■ **Exercise goal**
Without including any images, set down the records below exactly.

■ **Material provided**
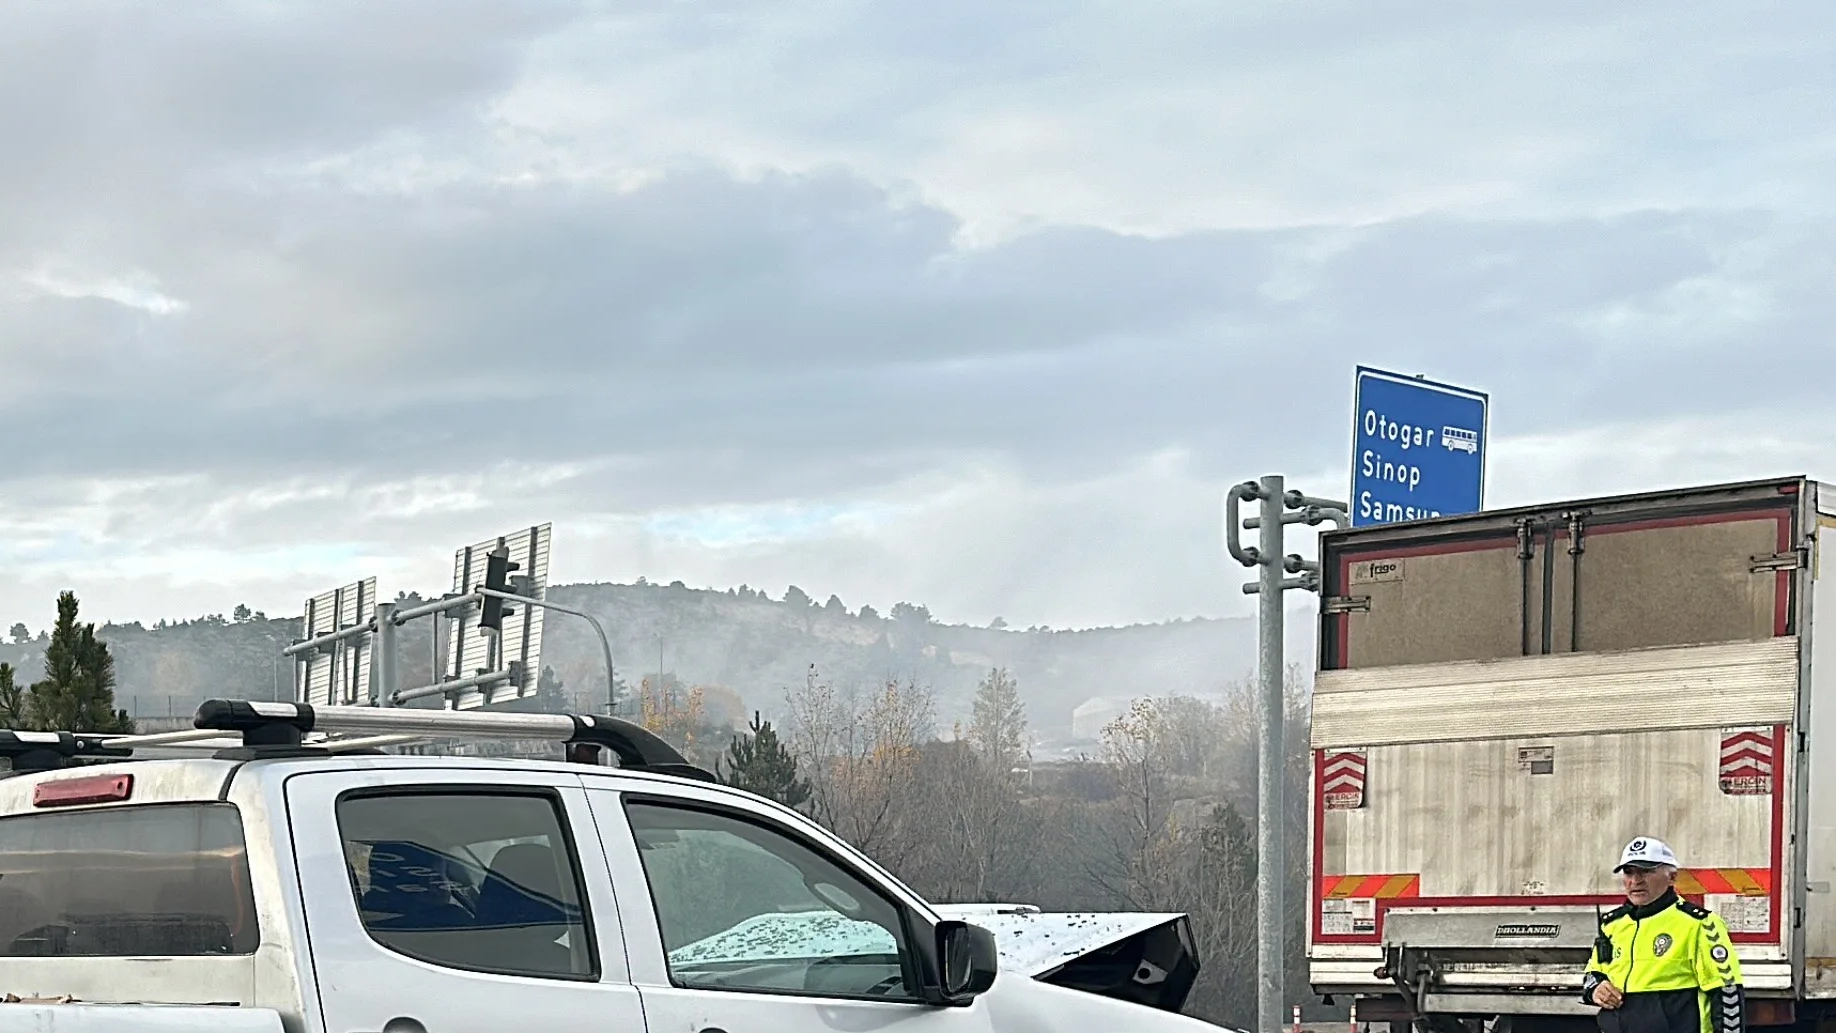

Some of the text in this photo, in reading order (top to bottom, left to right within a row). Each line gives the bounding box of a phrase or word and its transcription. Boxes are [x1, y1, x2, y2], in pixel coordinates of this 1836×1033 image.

[1365, 410, 1435, 449] Otogar
[1363, 450, 1420, 491] Sinop
[1497, 926, 1558, 934] DHOLLANDIA
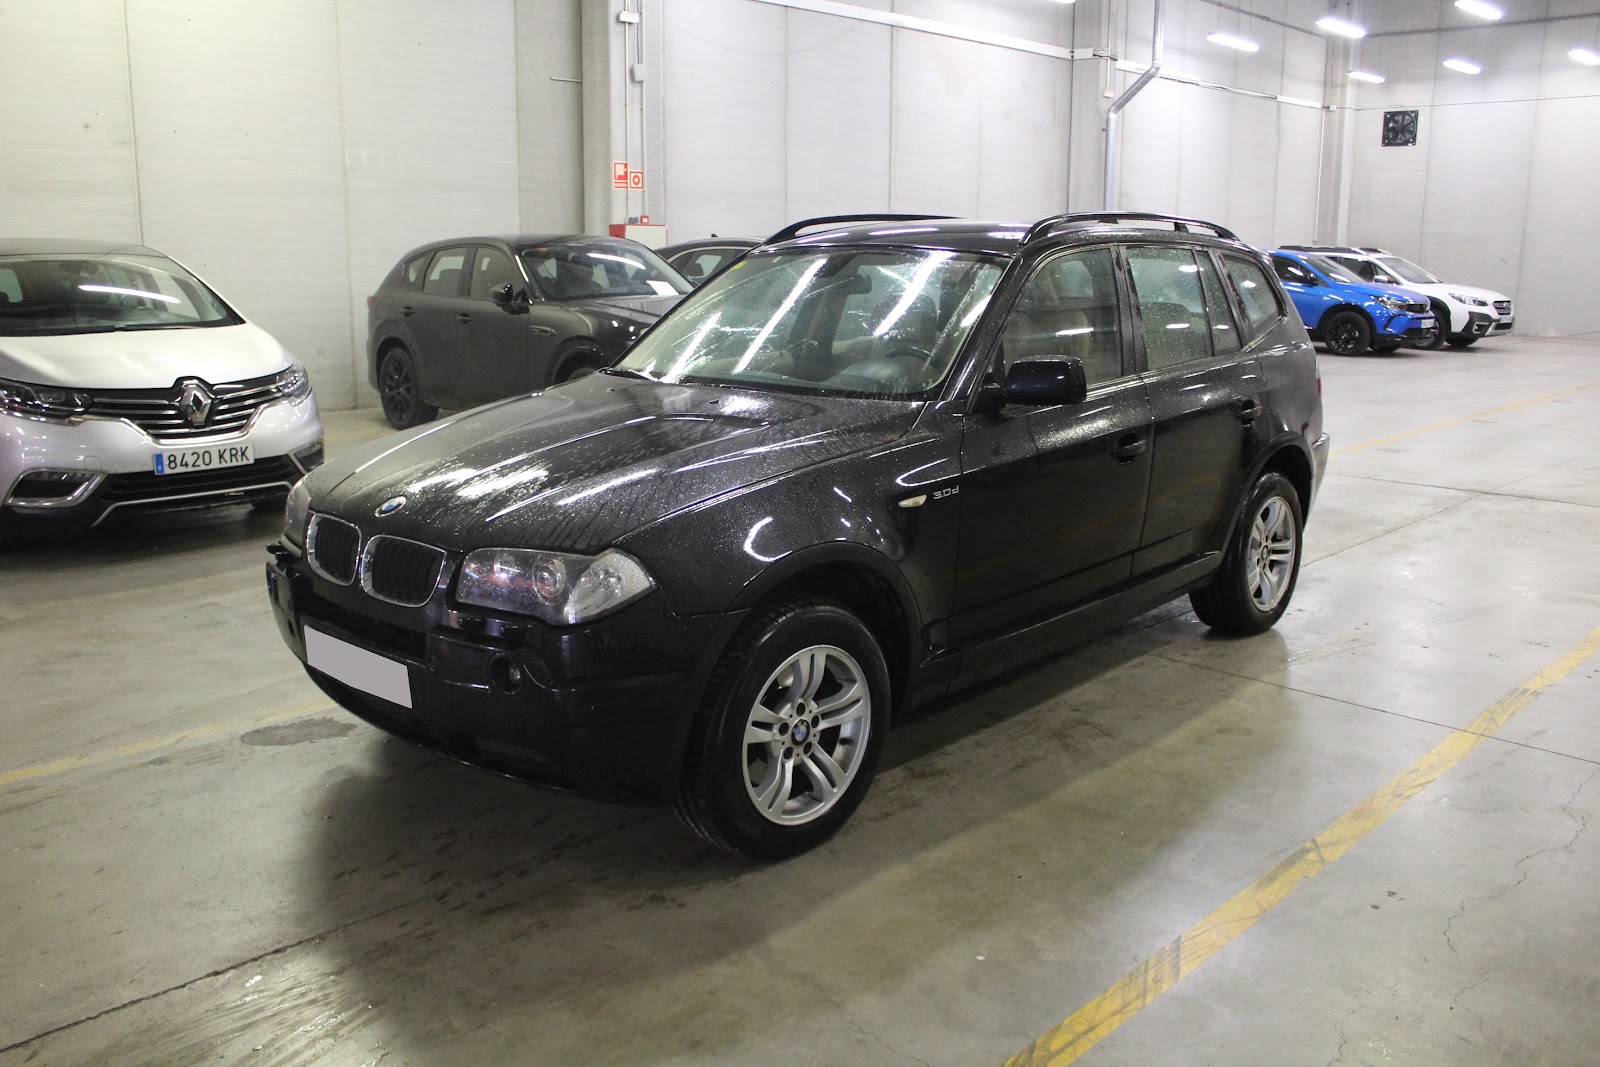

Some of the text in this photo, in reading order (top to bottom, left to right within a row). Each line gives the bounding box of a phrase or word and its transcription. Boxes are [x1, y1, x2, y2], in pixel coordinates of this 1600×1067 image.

[167, 446, 250, 470] 8420 KRK
[933, 485, 960, 500] 3.0d

■ **Output**
Some of the text in this photo, in reading order (top to bottom, left to right within a row). Each line gives the bounding box of a phrase or word and its transcription. Boxes are [x1, y1, x2, y2], in pixel coordinates of this 1836×1033 image.

[1365, 410, 1435, 449] Otogar
[1363, 450, 1420, 491] Sinop
[1497, 926, 1558, 934] DHOLLANDIA

Some of the text in this photo, in reading order (top to bottom, left to right within a row). Each line gives the bounding box of a phrase or word and its transcription. Boxes are [x1, y1, x2, y2], in pixel coordinates of this 1600×1067 image.

[167, 446, 250, 470] 8420 KRK
[933, 485, 960, 500] 3.0d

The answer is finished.